◆ PROBLEM REQUIREMENTS ◆
This exercise requires an exact copy of each line from the one containing "Some of the text" down to the last line below.

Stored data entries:

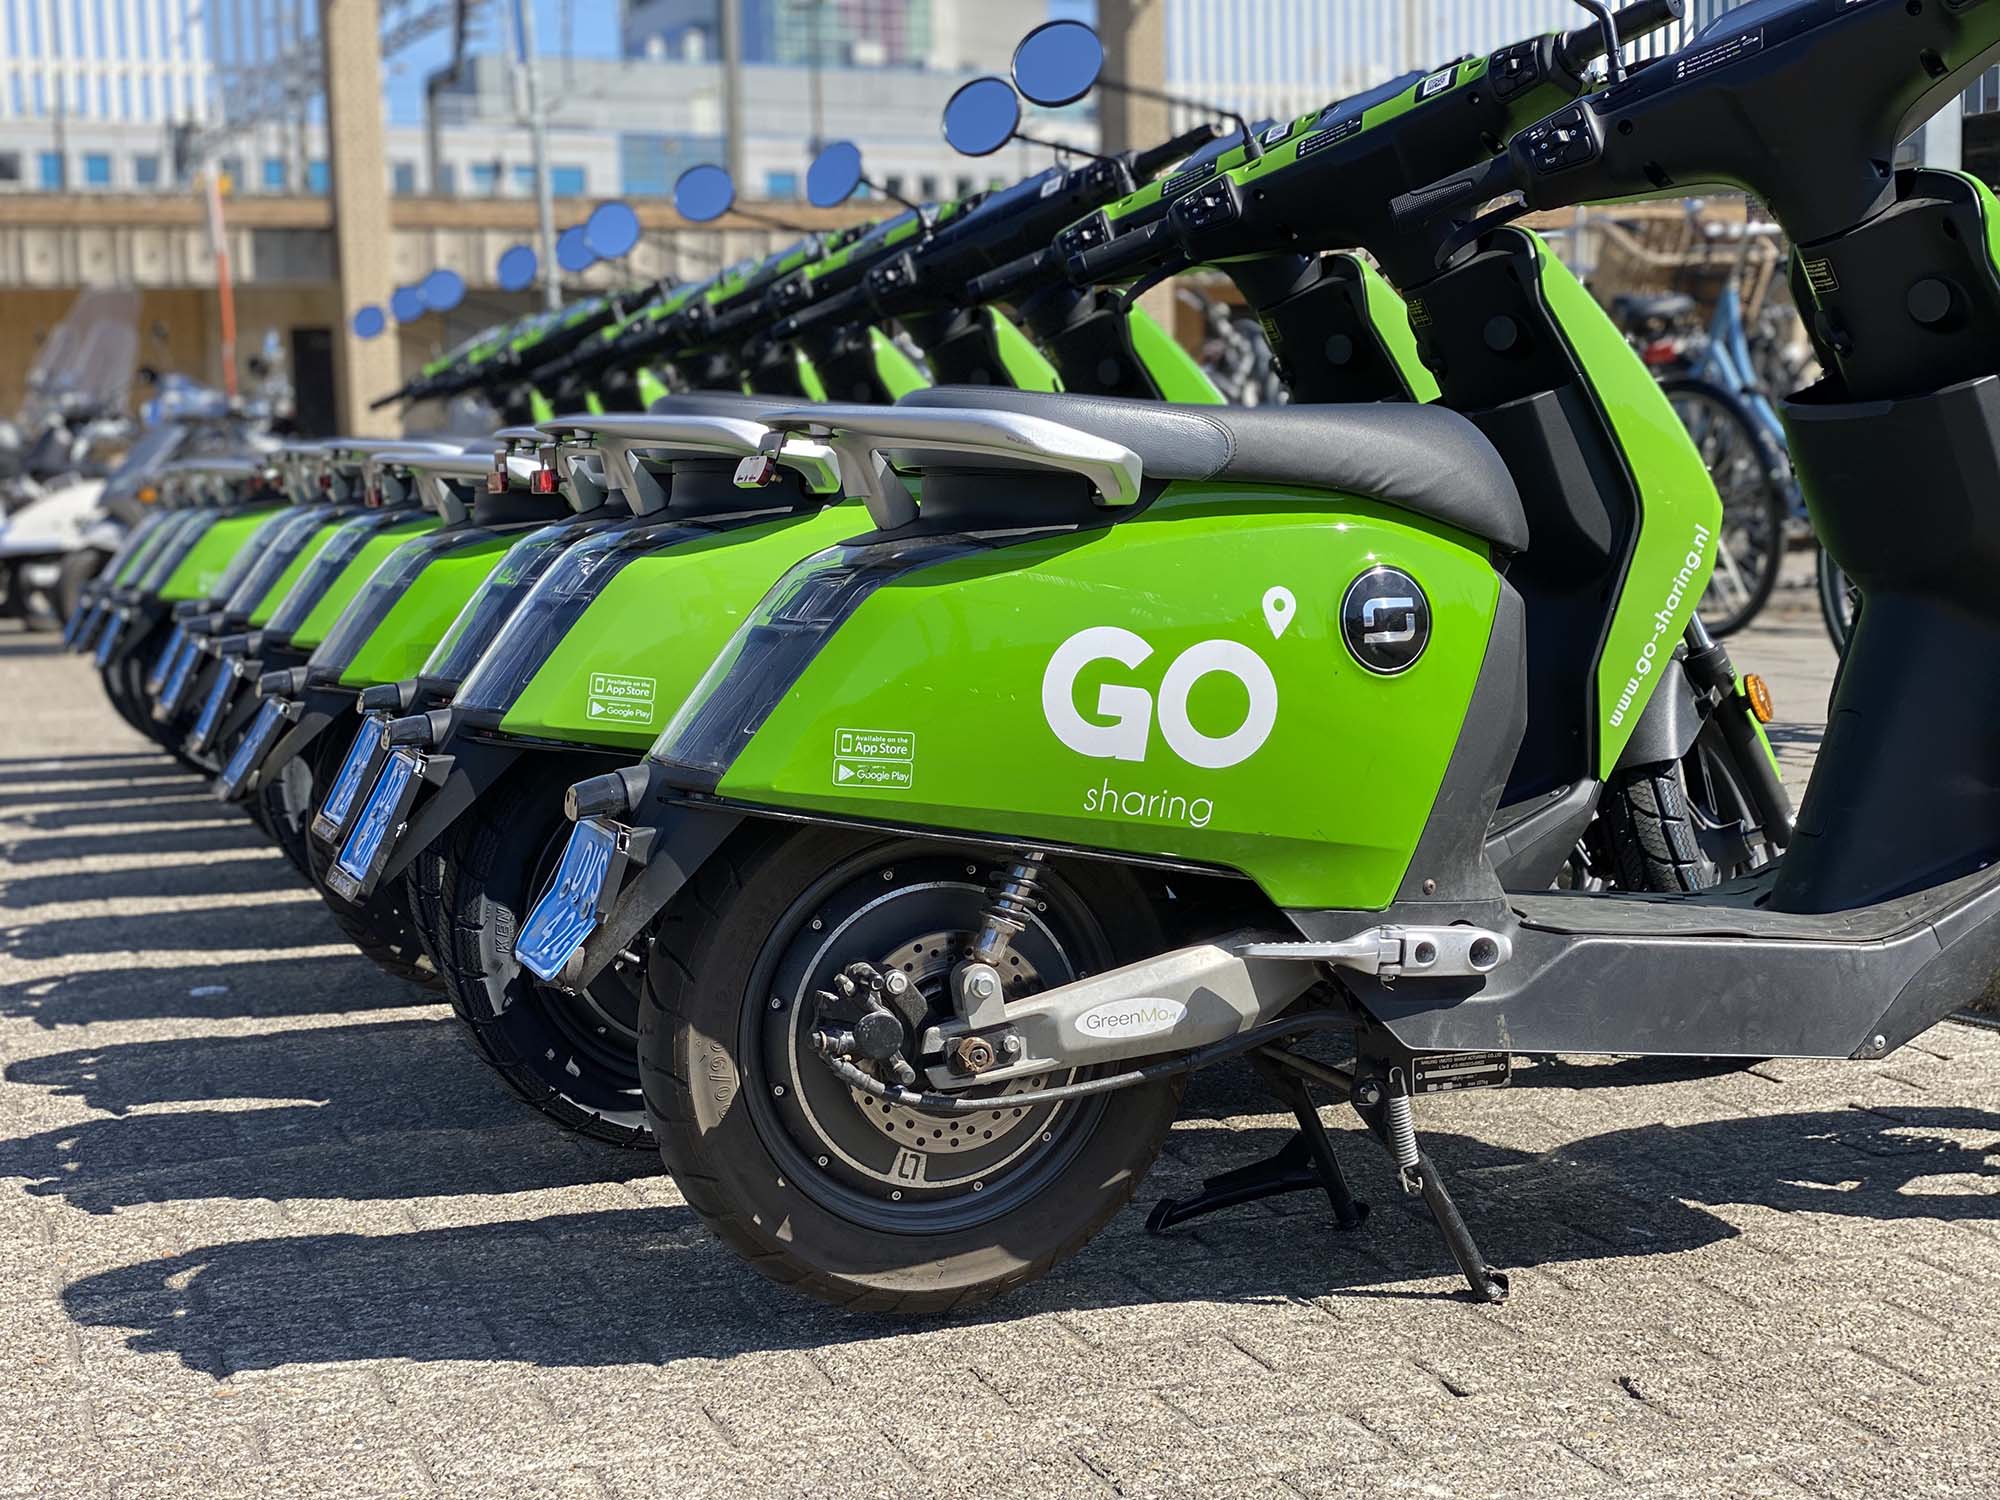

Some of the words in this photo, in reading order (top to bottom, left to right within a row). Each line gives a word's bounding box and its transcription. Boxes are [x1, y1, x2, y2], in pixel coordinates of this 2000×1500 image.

[1609, 523, 1710, 727] www.go-sharing.nl
[606, 684, 625, 695] App
[626, 686, 650, 696] Store
[1042, 626, 1278, 769] GO
[606, 706, 634, 717] Google
[635, 709, 650, 719] Play
[855, 735, 886, 743] Available
[855, 742, 878, 756] App
[879, 743, 908, 755] Store
[856, 769, 890, 782] Google
[891, 771, 910, 783] Play
[1083, 777, 1214, 827] sharing
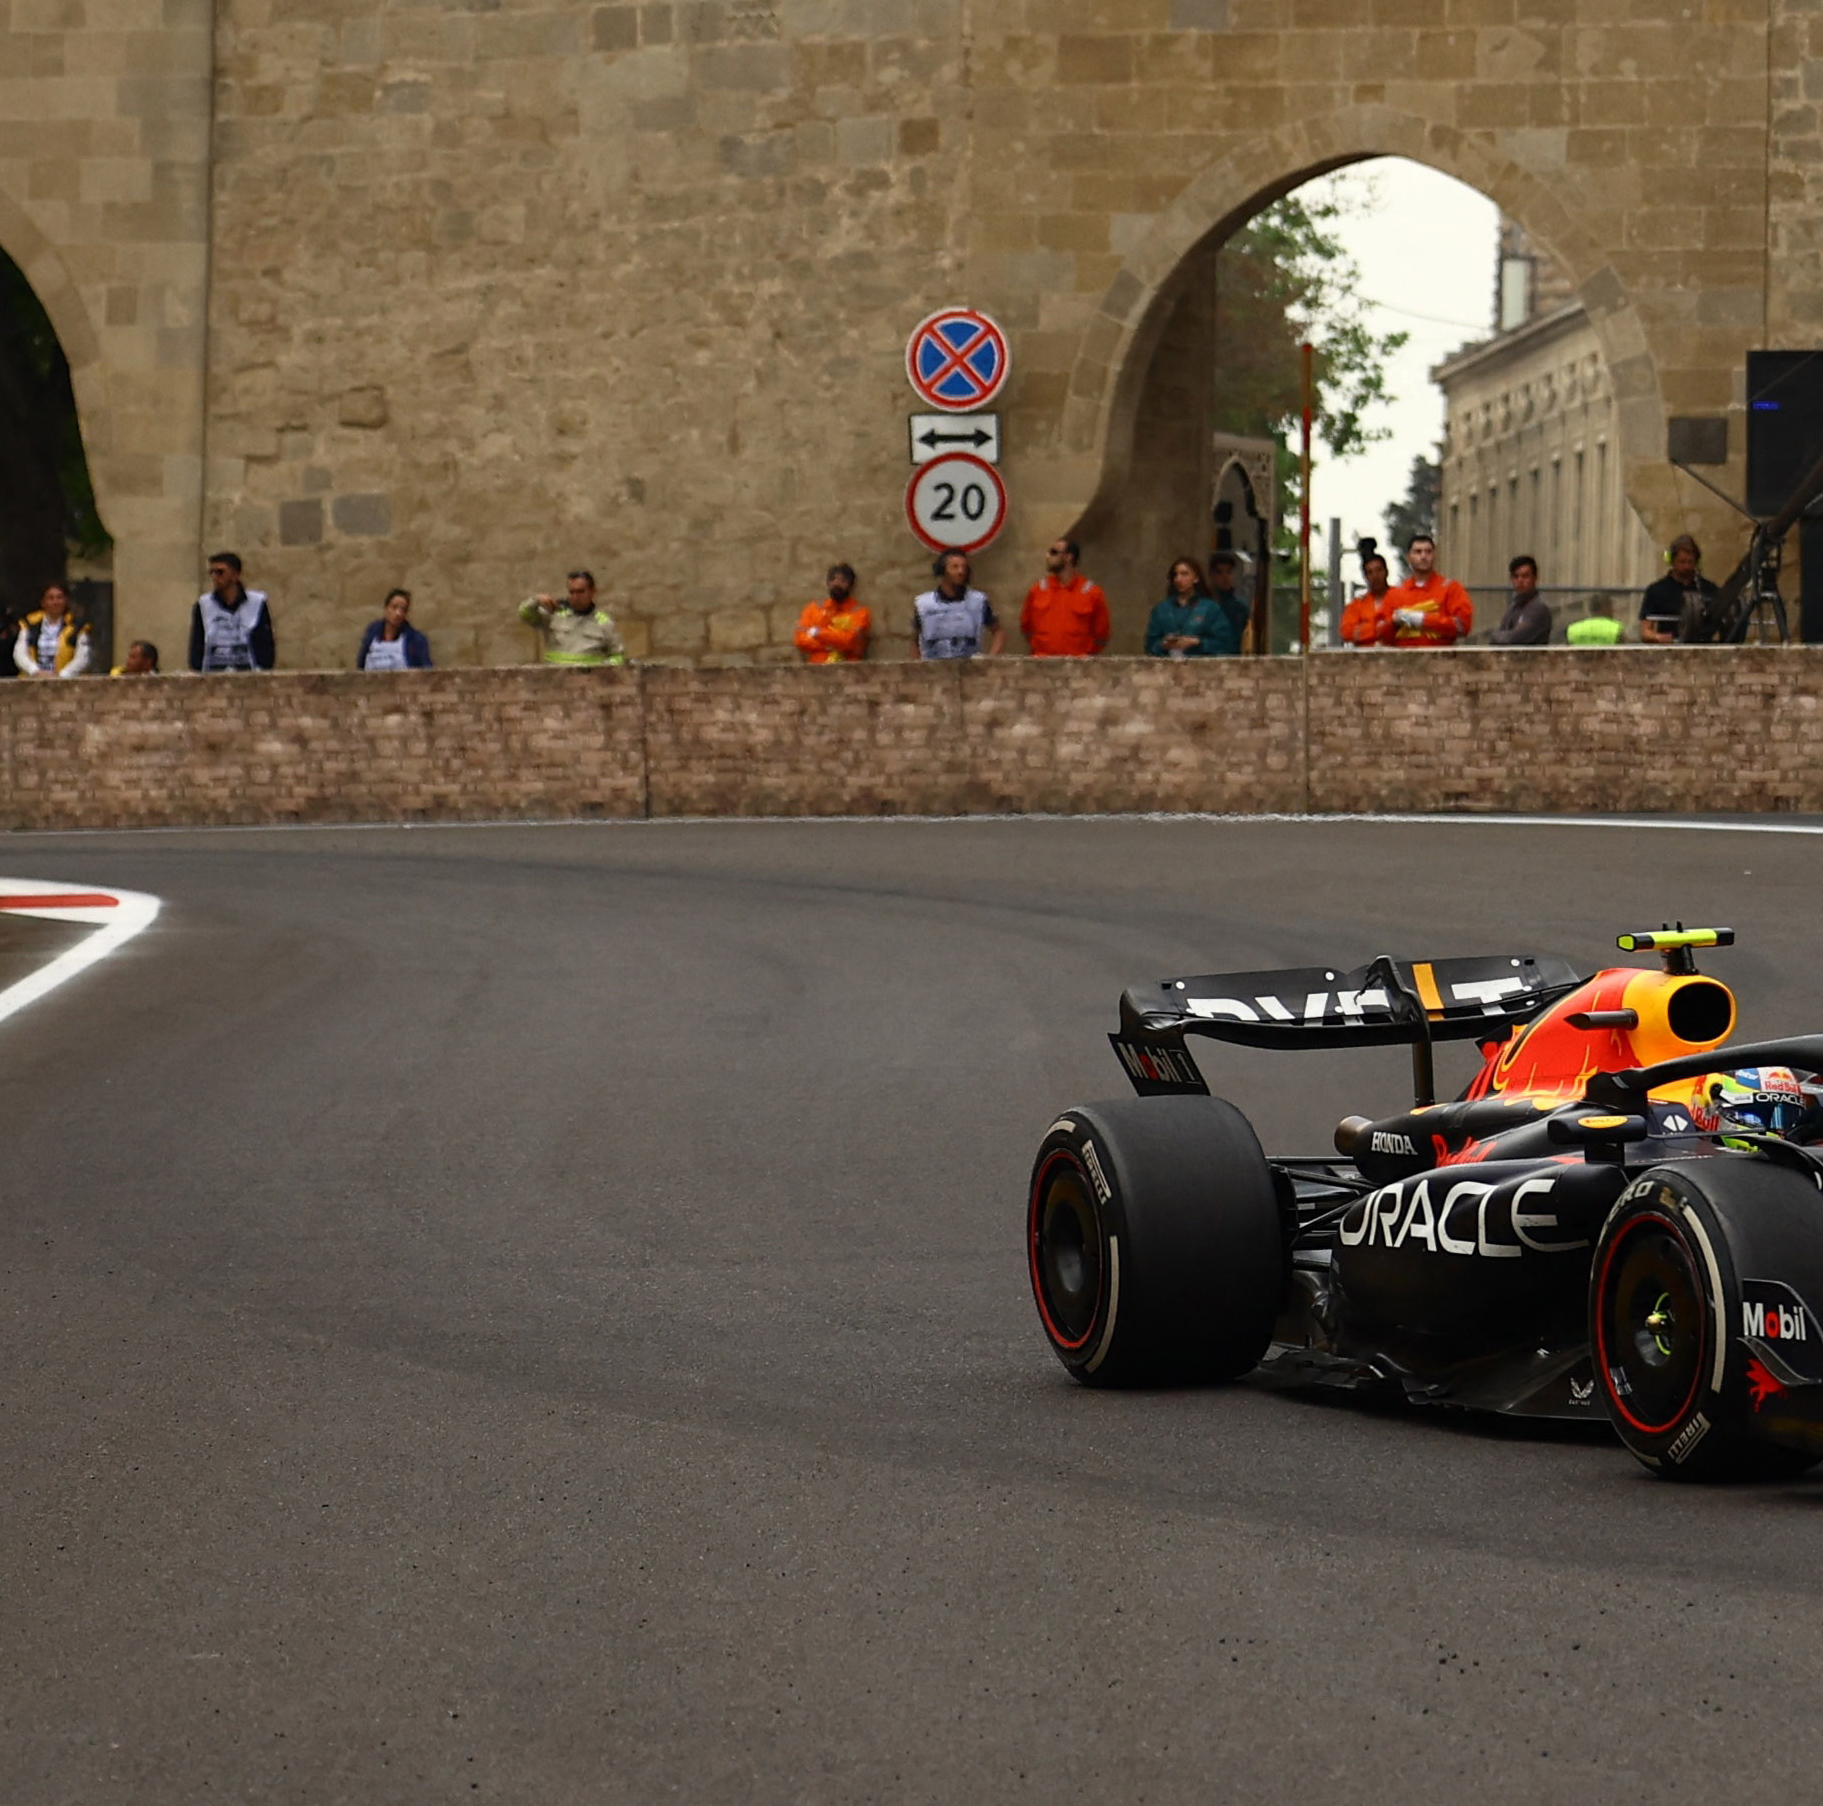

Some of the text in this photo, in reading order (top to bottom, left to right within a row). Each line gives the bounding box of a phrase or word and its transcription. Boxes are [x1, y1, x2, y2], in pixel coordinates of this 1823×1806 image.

[931, 482, 986, 521] 20
[1118, 1040, 1182, 1083] Mobil
[1765, 1081, 1783, 1092] Red
[1371, 1131, 1418, 1155] HONDA
[1339, 1179, 1590, 1258] ORACLE
[1742, 1301, 1807, 1340] Mobil

◆ ANSWER TO THE PROBLEM ◆
Some of the text in this photo, in reading order (top to bottom, left to right within a row). Each line gives the bounding box of a phrase or word and its transcription. Boxes are [x1, y1, x2, y2], in pixel coordinates of this 1823×1806 image.

[931, 482, 986, 521] 20
[1118, 1040, 1182, 1083] Mobil
[1765, 1081, 1783, 1092] Red
[1371, 1131, 1418, 1155] HONDA
[1339, 1179, 1590, 1258] ORACLE
[1742, 1301, 1807, 1340] Mobil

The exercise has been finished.